Rabu 06 May 2020 11:24 WIB

Isolasi Satu Kampung di Garut Selesai, Bagaimana Hasilnya?

Kampung tersebut diisolasi karena dianggap sebagai zona merah penyebaran Covid-19.

Rep: Bayu Adji P/ Red: Mas Alamil Huda
Pengendara motor melintas di dekat jalan perumahahan yang ditutup karena warganya melakukan isolasi mandiri.
Foto: ANTARA/Nyoman Hendra Wibow
Pengendara motor melintas di dekat jalan perumahahan yang ditutup karena warganya melakukan isolasi mandiri.

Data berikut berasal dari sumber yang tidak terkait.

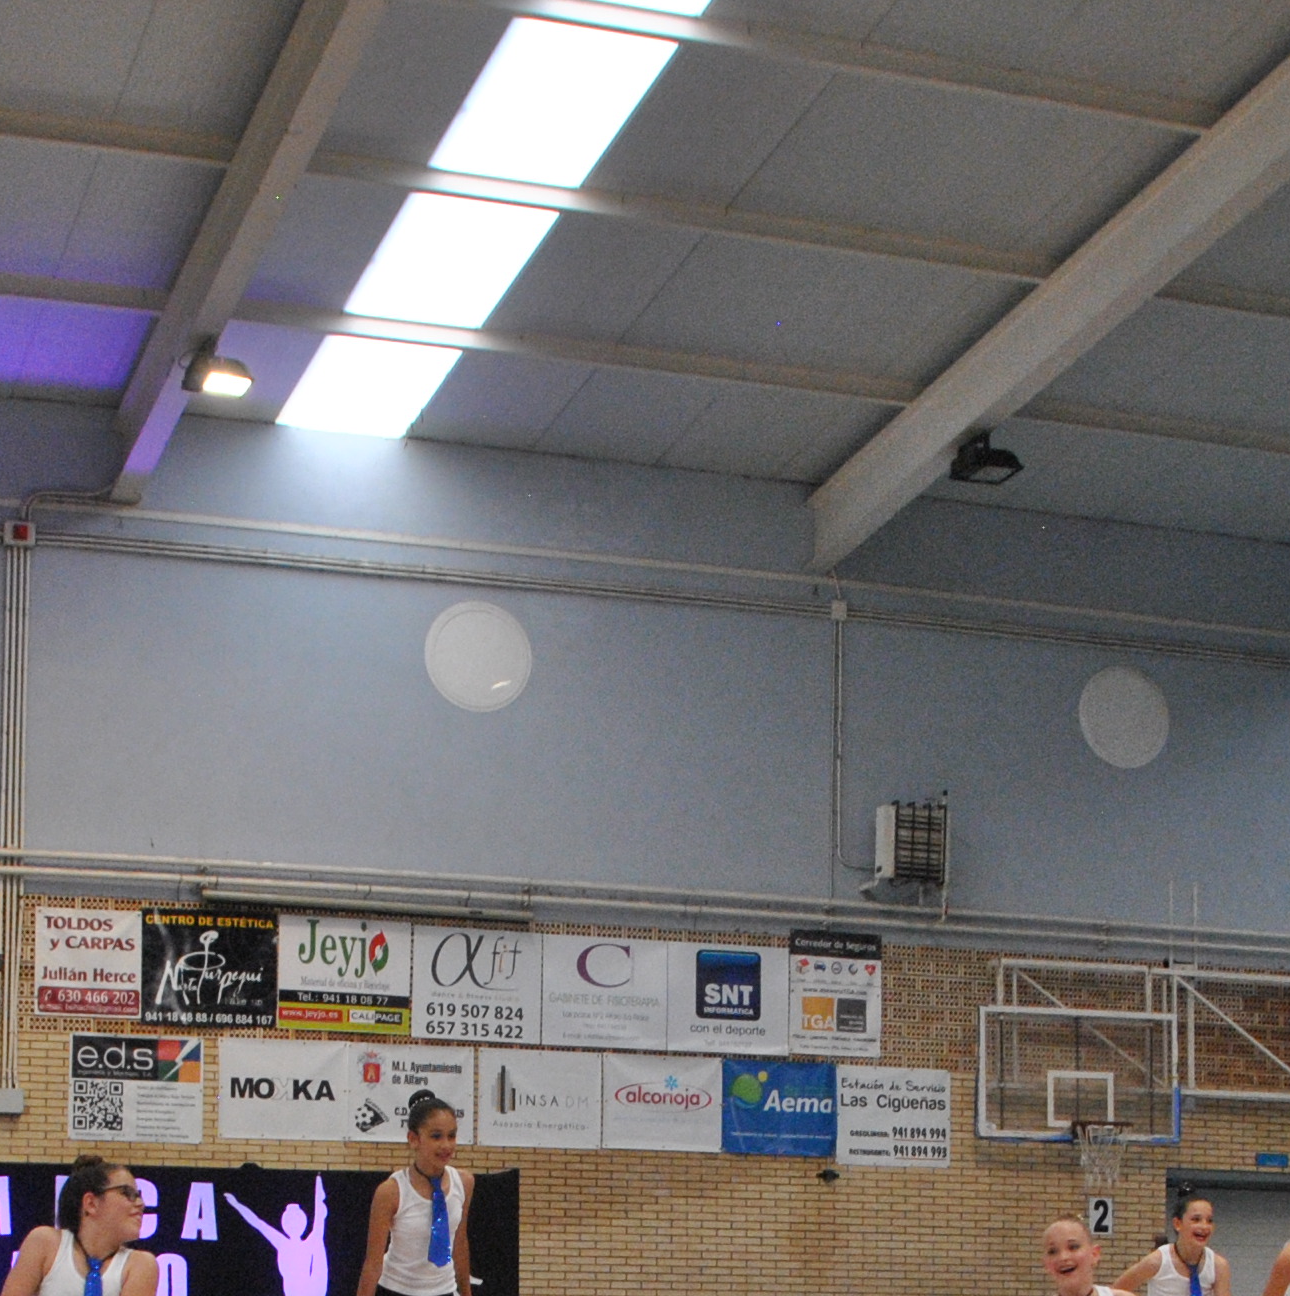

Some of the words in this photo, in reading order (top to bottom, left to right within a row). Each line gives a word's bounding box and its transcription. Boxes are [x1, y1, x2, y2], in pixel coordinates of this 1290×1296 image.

[44, 916, 113, 931] TOLDOS
[145, 915, 195, 926] CENTRO
[198, 917, 213, 926] DE
[217, 916, 274, 929] ESTÉTICA
[50, 938, 60, 951] y
[65, 936, 135, 951] CARPAS
[297, 918, 389, 978] Jeyjo
[42, 966, 87, 981] Julián
[93, 968, 136, 983] Herce
[58, 990, 81, 1002] 630
[85, 991, 108, 1004] 466
[112, 992, 136, 1005] 202
[322, 993, 341, 1003] 941
[346, 995, 358, 1004] 18
[376, 997, 389, 1006] 77
[704, 983, 753, 1006] SNT
[145, 1011, 163, 1022] 941
[167, 1011, 178, 1022] 18
[256, 1015, 274, 1025] 167
[351, 1011, 401, 1023] CALIPAGE
[426, 1002, 456, 1016] 619
[461, 1004, 490, 1018] 507
[494, 1006, 524, 1021] 824
[802, 1014, 835, 1029] TGA
[425, 1021, 455, 1035] 657
[460, 1022, 489, 1037] 315
[494, 1024, 523, 1039] 422
[690, 1025, 709, 1033] con
[713, 1024, 722, 1034] el
[725, 1025, 766, 1037] deporte
[77, 1041, 154, 1070] e.d.s
[411, 1062, 463, 1074] Ayuntamiento
[392, 1074, 401, 1085] de
[404, 1074, 429, 1086] Alfaro
[841, 1077, 884, 1090] Estación
[889, 1081, 902, 1091] de
[906, 1080, 946, 1093] Servicio
[519, 1094, 559, 1107] INSA
[763, 1089, 833, 1114] Aema
[840, 1093, 868, 1108] Las
[876, 1093, 946, 1113] Cigüeñas
[892, 1126, 908, 1138] 941
[910, 1127, 927, 1139] 894
[929, 1128, 946, 1140] 994
[893, 1144, 909, 1157] 941
[911, 1145, 928, 1157] 894
[931, 1146, 947, 1158] 993
[1093, 1199, 1109, 1233] 2
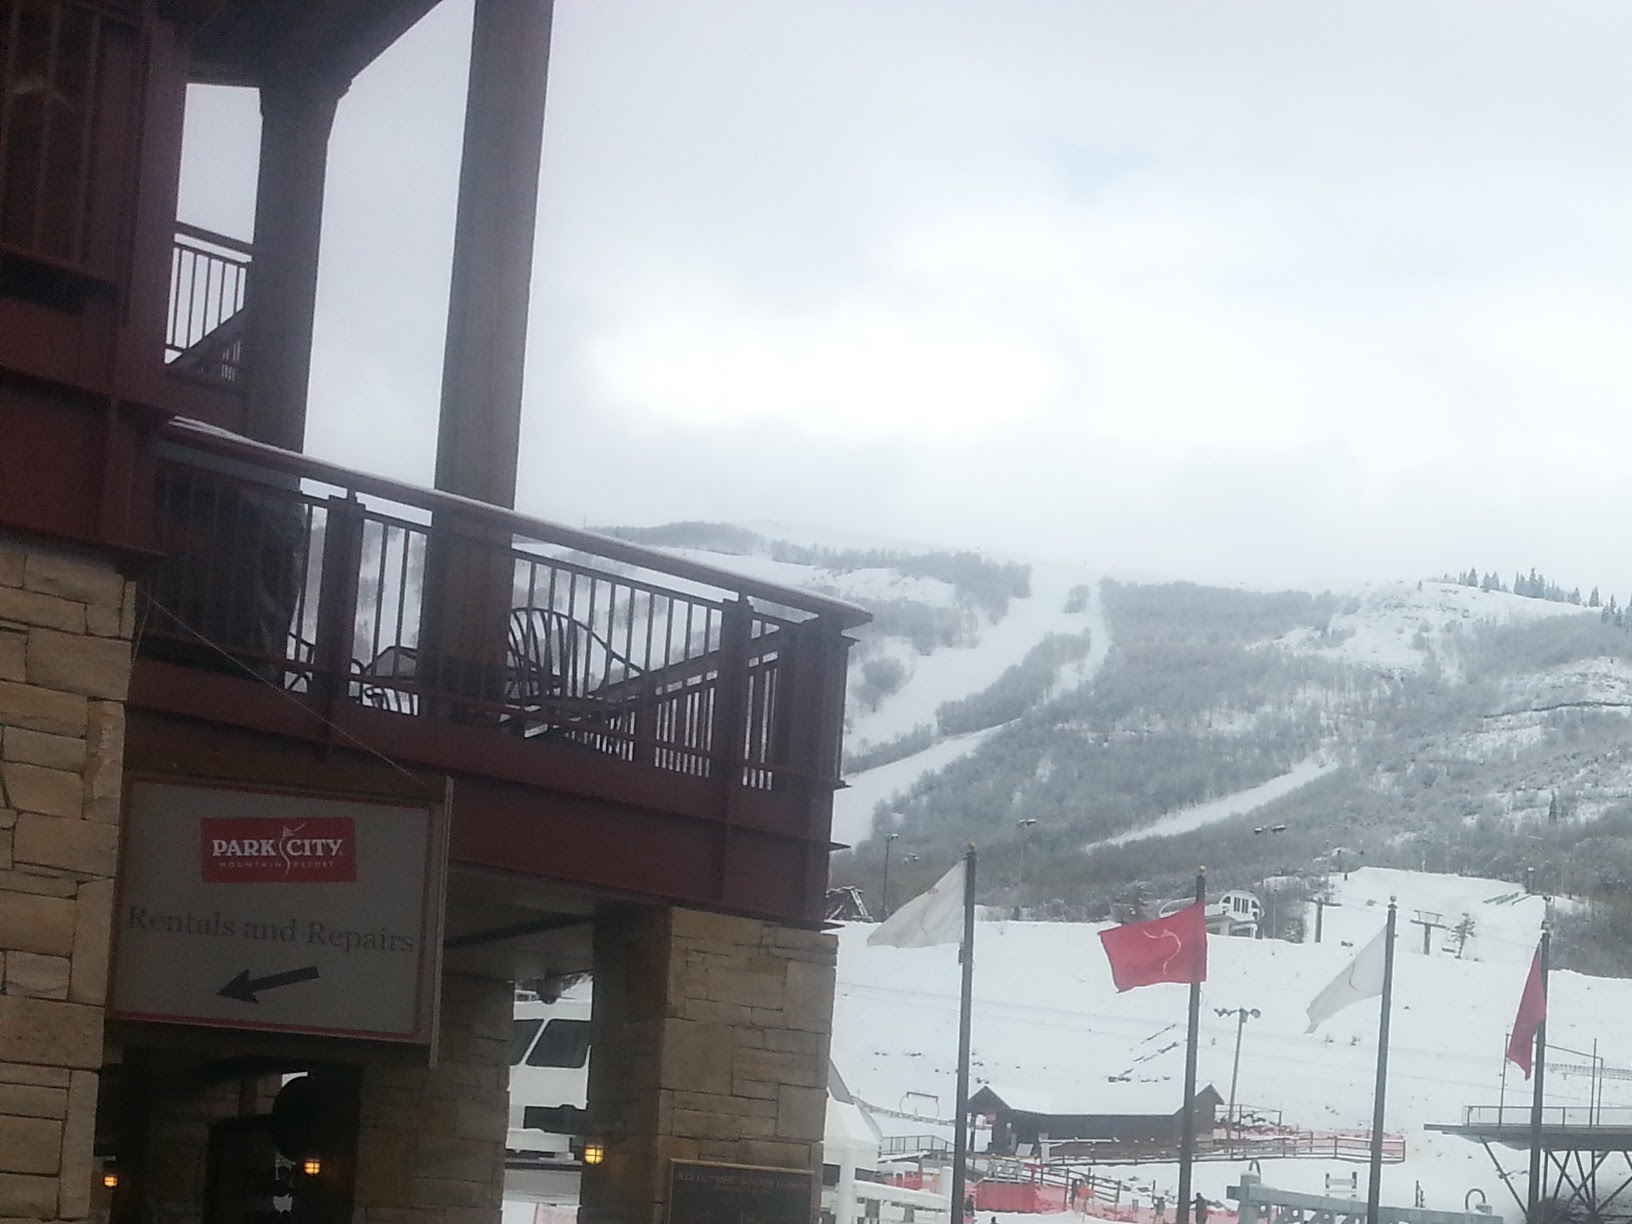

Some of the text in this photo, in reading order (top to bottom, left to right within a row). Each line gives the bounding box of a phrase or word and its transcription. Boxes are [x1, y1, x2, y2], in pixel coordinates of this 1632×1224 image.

[211, 838, 343, 857] PARK CITY
[129, 905, 413, 952] Rentals and Repairs

REPUBLIKA.CO.ID, GARUT -- Pemerintah Kabupaten (Pemkab) Garut, Jawa Barat, menghentikan masa isolasi satu kampung di Kecamatan Cigedug. Kampung tersebut diputuskan untuk diisolasi sejak 14 hari lalu karena dianggap sebagai zona merah penyebaran Covid-19.

Bupati Garut Rudy Gunawan mengatakan, proses isolasi warga satu kampung selama 14 hari telah selesai sejak pertama kali dimulai pada 22 April. Warga di satu kampung itu dipastikan tak ada yang terpapar Covid-19 setelah menjalani masa isolasi tersebut. 

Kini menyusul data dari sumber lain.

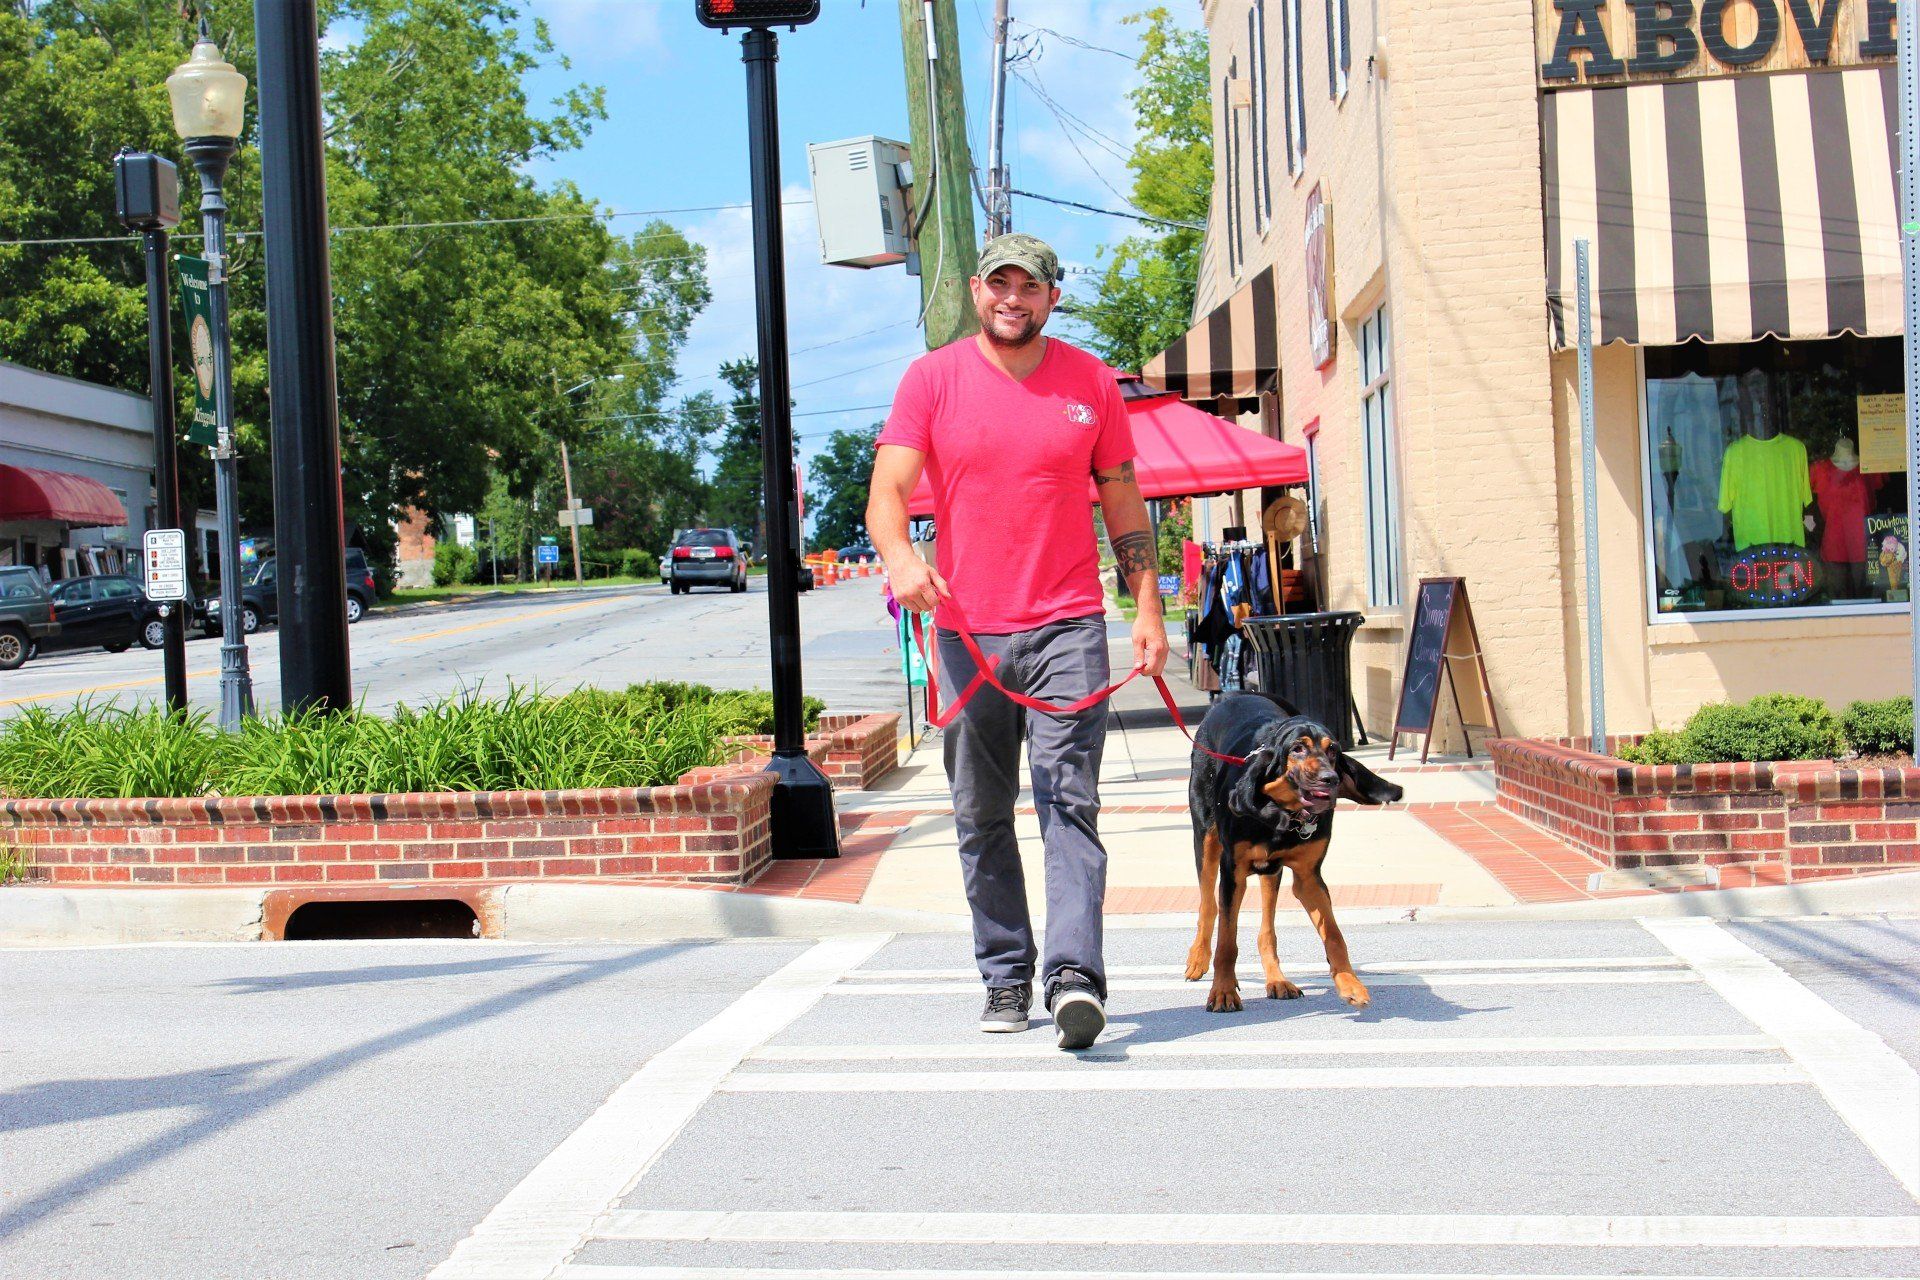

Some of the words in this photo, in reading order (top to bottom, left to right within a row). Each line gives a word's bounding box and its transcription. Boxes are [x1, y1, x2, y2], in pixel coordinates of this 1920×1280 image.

[181, 272, 208, 291] Welcome
[194, 292, 201, 305] to
[1867, 516, 1909, 534] Downtow
[1893, 526, 1909, 537] Nigh
[1731, 560, 1813, 591] OPEN

Warga di kampung itu pun dinyatakan dapat kembali beraktivitas di luar rumah. "Sudah berhasil di Cigedug (isolasi mandiri)," kata dia, Rabu (6/5).

Rudy mengatakan, selama isolasi, setiap kepala keluarga (KK) diberikan bantuan sosial (bansos) oleh pemerintah sebesar Rp 700 ribu. Total, Pemkab Garut mengeluarkan anggaran sebesar Rp 210 juta untuk 315 KK di kampung itu.

Meski isolasi telah selesai, warga di kampung itu tetap harus mengikuti aturan dalam pembatasan sosial berskala besar (PSBB). Pasalnya, PSBB di Jawa Barat, termasuk Kabupaten Garut, telah diberlakukan. Pembatasan itu berlaku juga di Kecamatan Cigedug.

Sebelumnya, Pemkab Garut mengisolasi warga di salah satu kampung di Kecamatan Cigedug mulai Rabu (22/4). Wakil Bupati Garut Helmi Budiman mengatakan, satu orang pasien positif Covid-19 dan meninggal dunia berasal dari wilayah itu. 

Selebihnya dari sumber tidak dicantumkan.